- RECORDS PROVIDED
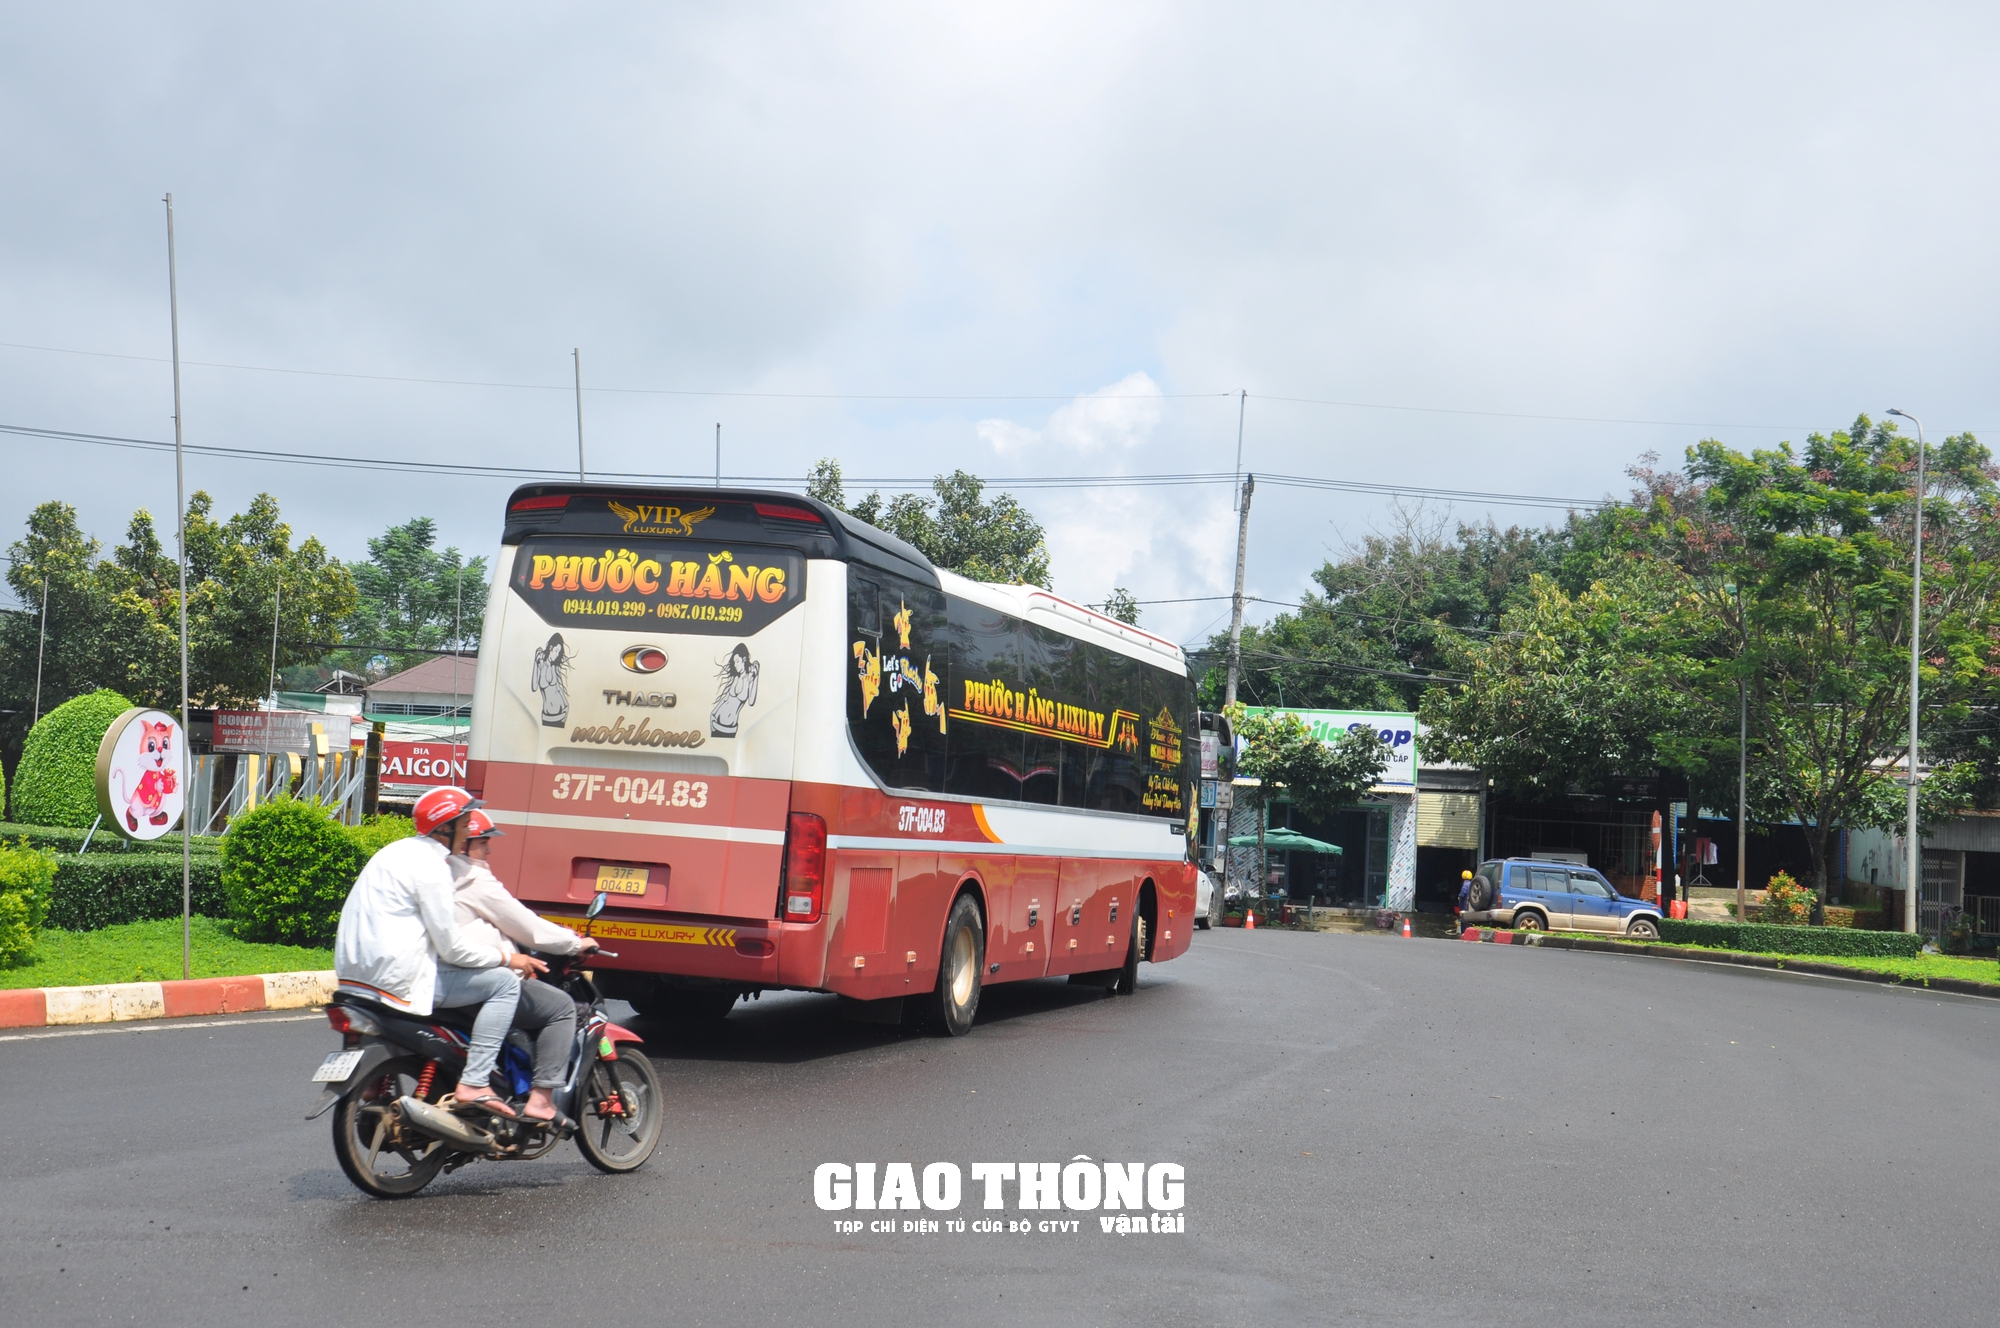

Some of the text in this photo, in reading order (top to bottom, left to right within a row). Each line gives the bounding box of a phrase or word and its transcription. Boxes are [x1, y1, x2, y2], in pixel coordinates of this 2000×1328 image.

[636, 505, 681, 524] VIP
[633, 526, 682, 535] LUXURY
[529, 548, 662, 595] PHƯỚC
[563, 598, 646, 617] 0944.019.299
[657, 603, 743, 623] 0987.019.299
[883, 655, 899, 672] Let's
[603, 689, 677, 708] THACO
[964, 679, 1013, 719] PHƯỚC
[1056, 702, 1105, 739] LUXURY
[218, 714, 263, 727] HONDA
[570, 715, 706, 749] mobihome
[413, 747, 430, 755] BIA
[552, 772, 709, 809] 37F-004.83
[898, 805, 946, 834] 37F-004.83
[612, 867, 634, 879] 37F
[600, 879, 640, 893] 004.83
[640, 928, 696, 942] LUXURY

- YOUR GOAL
If a line holds a picture, skip the picture and transcribe the rest of the material exactly.

- THE ANSWER
Some of the text in this photo, in reading order (top to bottom, left to right within a row). Each line gives the bounding box of a phrase or word and its transcription. Boxes are [x1, y1, x2, y2], in pixel coordinates of this 2000×1328 image.

[636, 505, 681, 524] VIP
[633, 526, 682, 535] LUXURY
[529, 548, 662, 595] PHƯỚC
[563, 598, 646, 617] 0944.019.299
[657, 603, 743, 623] 0987.019.299
[883, 655, 899, 672] Let's
[603, 689, 677, 708] THACO
[964, 679, 1013, 719] PHƯỚC
[1056, 702, 1105, 739] LUXURY
[218, 714, 263, 727] HONDA
[570, 715, 706, 749] mobihome
[413, 747, 430, 755] BIA
[552, 772, 709, 809] 37F-004.83
[898, 805, 946, 834] 37F-004.83
[612, 867, 634, 879] 37F
[600, 879, 640, 893] 004.83
[640, 928, 696, 942] LUXURY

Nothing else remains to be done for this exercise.